¡Basta de abusos! ¡Renacionalicen Petrobras ya!
"Para quienes piensan que la solución es privatizar la empresa, una advertencia: ya fue privatizada durante el gobierno de Bolsonaro. Y el resultado es desastroso y bien conocido", afirma el exministro de Trabajo Miguel Rossetto.
Por Elvino Bohn Gass y Miguel Rossetto, publicado originalmente en Sur 21
Con los incrementos del 26 de octubre, la gasolina ha subido un 74% y el diésel un 65% solo en 2021, para la distribución a distribuidores y gasolineras. En Porto Alegre, la gasolina ya supera los R$7. Una bombona de gas ha alcanzado los R$110. Esto es consecuencia de la privatización de la gestión de Petrobras. Estos aumentos son responsables del 40% de la inflación del país; el gobierno responde elevando la tasa de interés del SELIC, lo que provoca un aumento generalizado de las tasas de interés y una disminución del crecimiento, un desastre mayúsculo.

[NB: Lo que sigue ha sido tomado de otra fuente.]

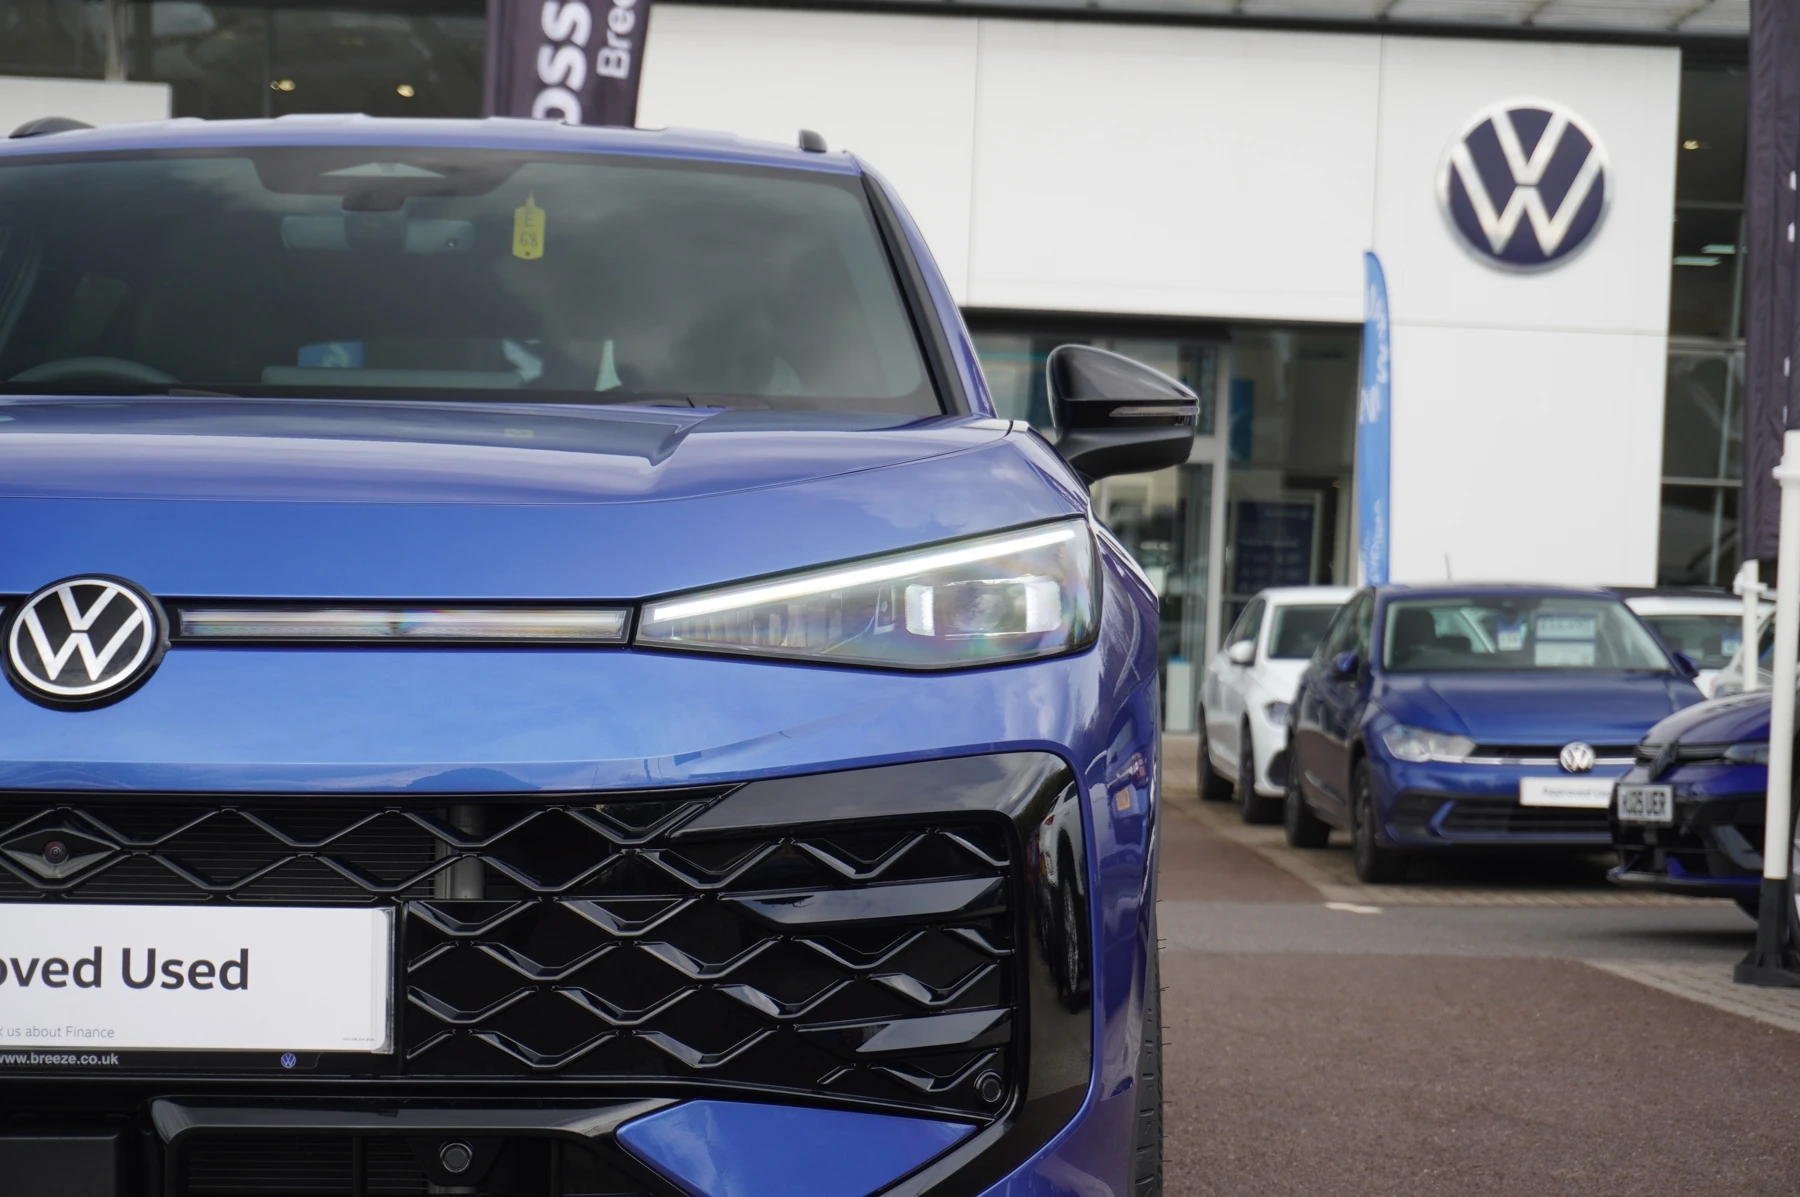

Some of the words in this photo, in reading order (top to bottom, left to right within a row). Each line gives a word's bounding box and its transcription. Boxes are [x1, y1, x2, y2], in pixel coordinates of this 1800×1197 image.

[596, 0, 638, 80] Bre
[1445, 100, 1608, 264] VW
[17, 582, 149, 688] VW
[0, 946, 102, 989] ved
[121, 947, 249, 990] Used
[7, 1027, 21, 1037] us
[25, 1025, 62, 1038] about
[66, 1026, 115, 1038] Finance
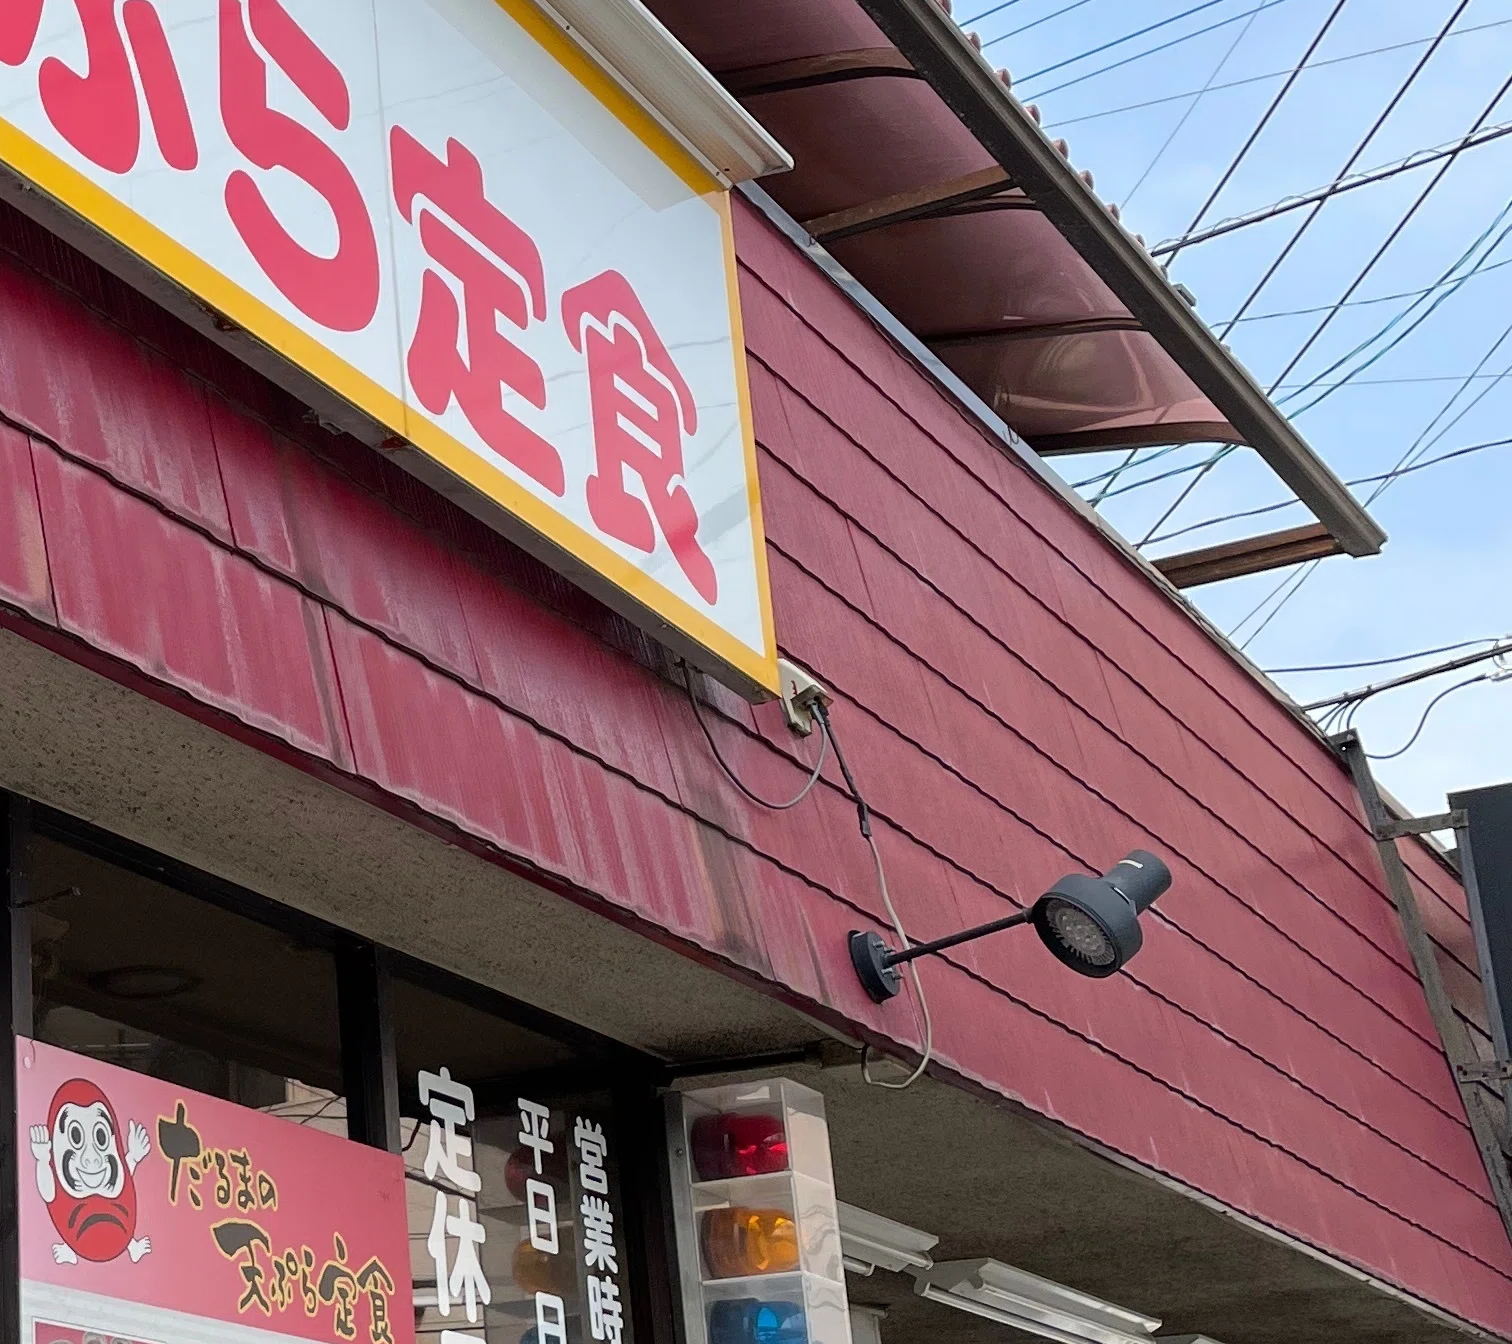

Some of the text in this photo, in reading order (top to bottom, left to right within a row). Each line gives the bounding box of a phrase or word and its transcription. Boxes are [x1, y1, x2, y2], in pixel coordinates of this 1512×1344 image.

[157, 1099, 278, 1211] だるまの
[517, 1097, 559, 1255] 平日

Para quienes creen que la solución es privatizar la empresa, una advertencia: ya fue privatizada durante el gobierno de Bolsonaro. Y el resultado es desastroso y de sobra conocido. No solo precios exorbitantes, sino también el anuncio sin precedentes de que la empresa no garantizará el suministro del país. Esto significa que Petrobras ya no tiene ningún compromiso con Brasil.
Hoy en día, los precios que cobra la empresa ya no guardan relación alguna con el costo de producción más márgenes de ganancia aceptables. Datos recientes muestran que, incluso en septiembre, la producción de petróleo presalino era de 1,1 millones de barriles diarios, con un costo de extracción de US$7, lo que actualmente corresponde al 65% del petróleo consumido en Brasil.

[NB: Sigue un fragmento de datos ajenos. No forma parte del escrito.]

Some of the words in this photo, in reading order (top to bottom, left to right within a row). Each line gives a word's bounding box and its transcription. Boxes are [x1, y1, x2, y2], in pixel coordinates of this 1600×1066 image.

Petrobras, en un comunicado reciente, informó que el 94% del petróleo refinado en el país es de origen nacional. En el mercado internacional, el petróleo se cotiza a US$84, precio que Petrobras utiliza debido a su política de precios: ¡la paridad de precios internacionales! El gobierno de Bolsonaro ha transformado a Petrobras en un instrumento para extraer riqueza nacional, sustrayendo dinero del pueblo y de la economía para generar ganancias escandalosas para accionistas privados, en su mayoría extranjeros.
A esto se suma la privatización de BR Distribuidora y Liquigás, lo que fomenta una mayor concentración privada en la distribución de combustibles y gas. Un desmantelamiento del Estado, una entrega precipitada e incontrolada del sector. Una orgía contra Brasil.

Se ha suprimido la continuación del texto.